#### [What you will do]
Write out each record in full and exactly as given. Skip any pictures.

#### [Dataset]
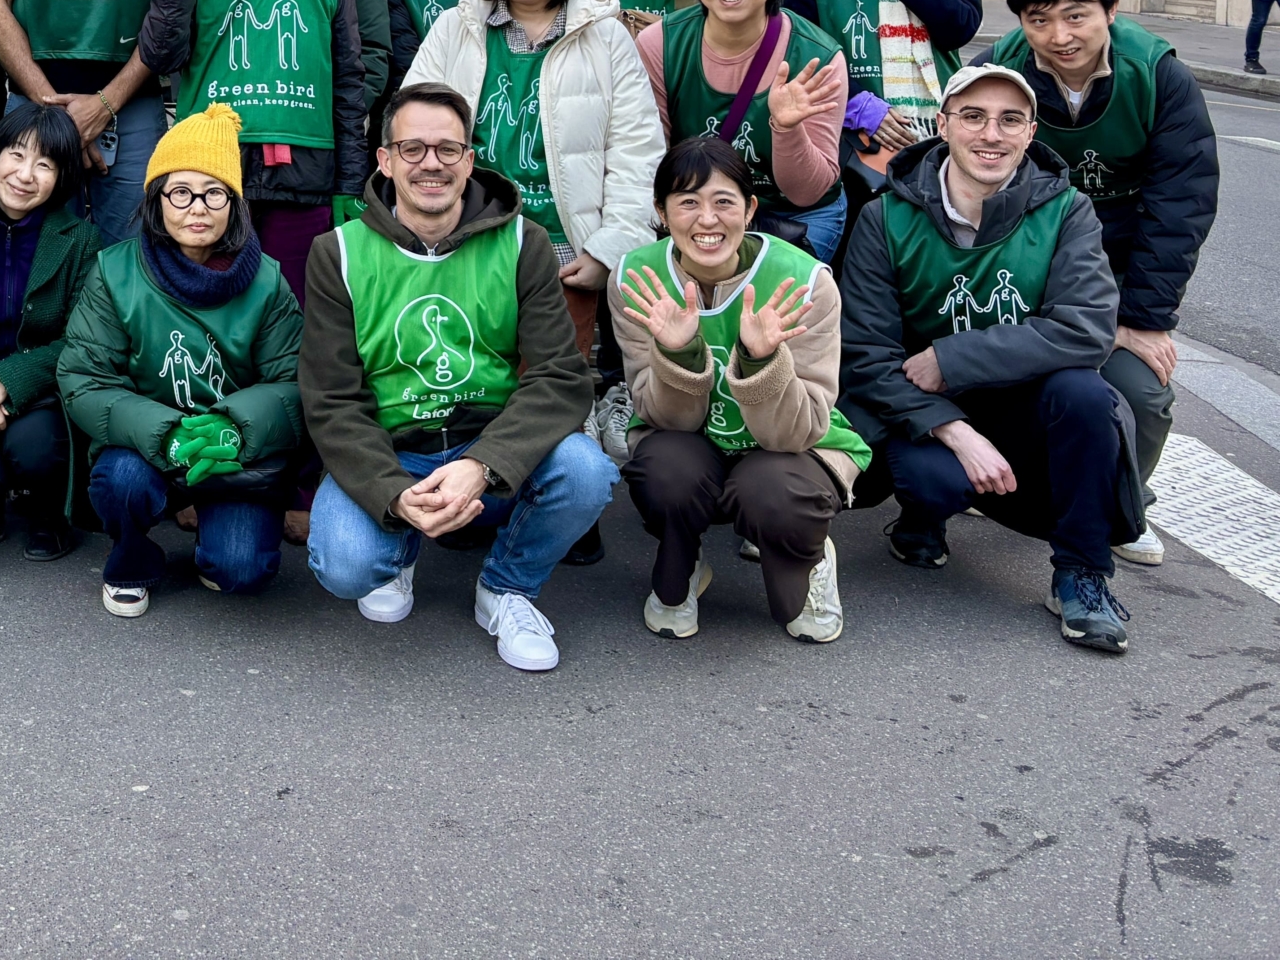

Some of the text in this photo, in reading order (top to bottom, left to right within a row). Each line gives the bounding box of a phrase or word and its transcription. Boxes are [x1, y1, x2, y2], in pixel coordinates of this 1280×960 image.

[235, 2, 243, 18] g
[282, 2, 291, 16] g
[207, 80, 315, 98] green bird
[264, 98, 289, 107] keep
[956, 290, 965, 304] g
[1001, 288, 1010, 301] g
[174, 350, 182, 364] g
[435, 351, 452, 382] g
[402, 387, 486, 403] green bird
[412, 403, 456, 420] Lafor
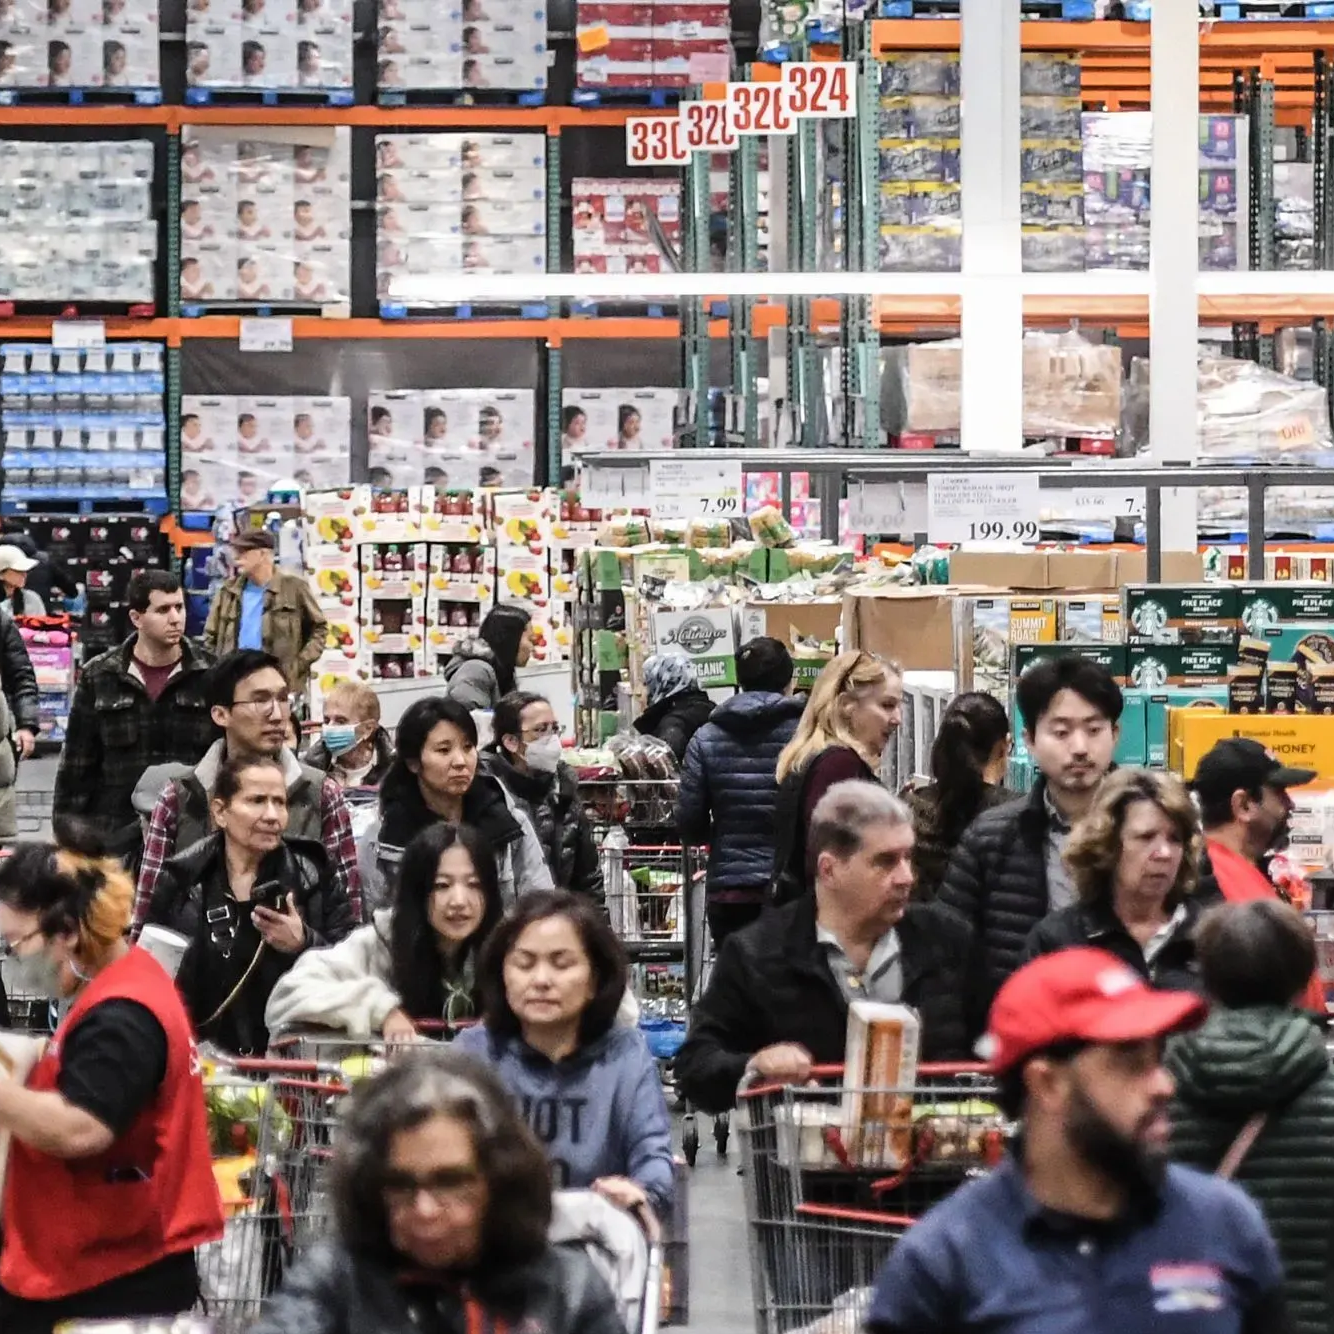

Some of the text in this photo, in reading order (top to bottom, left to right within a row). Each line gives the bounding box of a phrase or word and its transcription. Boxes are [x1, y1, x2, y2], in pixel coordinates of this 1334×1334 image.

#### [Result]
Some of the text in this photo, in reading order (top to bottom, left to right within a row). Each line gives the bounding box of a phrase or word and its transcription. Boxes are [x1, y1, x2, y2], in pixel coordinates of this 1280×960 image.

[235, 2, 243, 18] g
[282, 2, 291, 16] g
[207, 80, 315, 98] green bird
[264, 98, 289, 107] keep
[956, 290, 965, 304] g
[1001, 288, 1010, 301] g
[174, 350, 182, 364] g
[435, 351, 452, 382] g
[402, 387, 486, 403] green bird
[412, 403, 456, 420] Lafor

Some of the text in this photo, in reading order (top to bottom, left to right within a row). Each line gives the bounding box of a phrase or word and its transcription. Boxes are [x1, y1, x2, y2], in pixel coordinates of this 1334×1334 image.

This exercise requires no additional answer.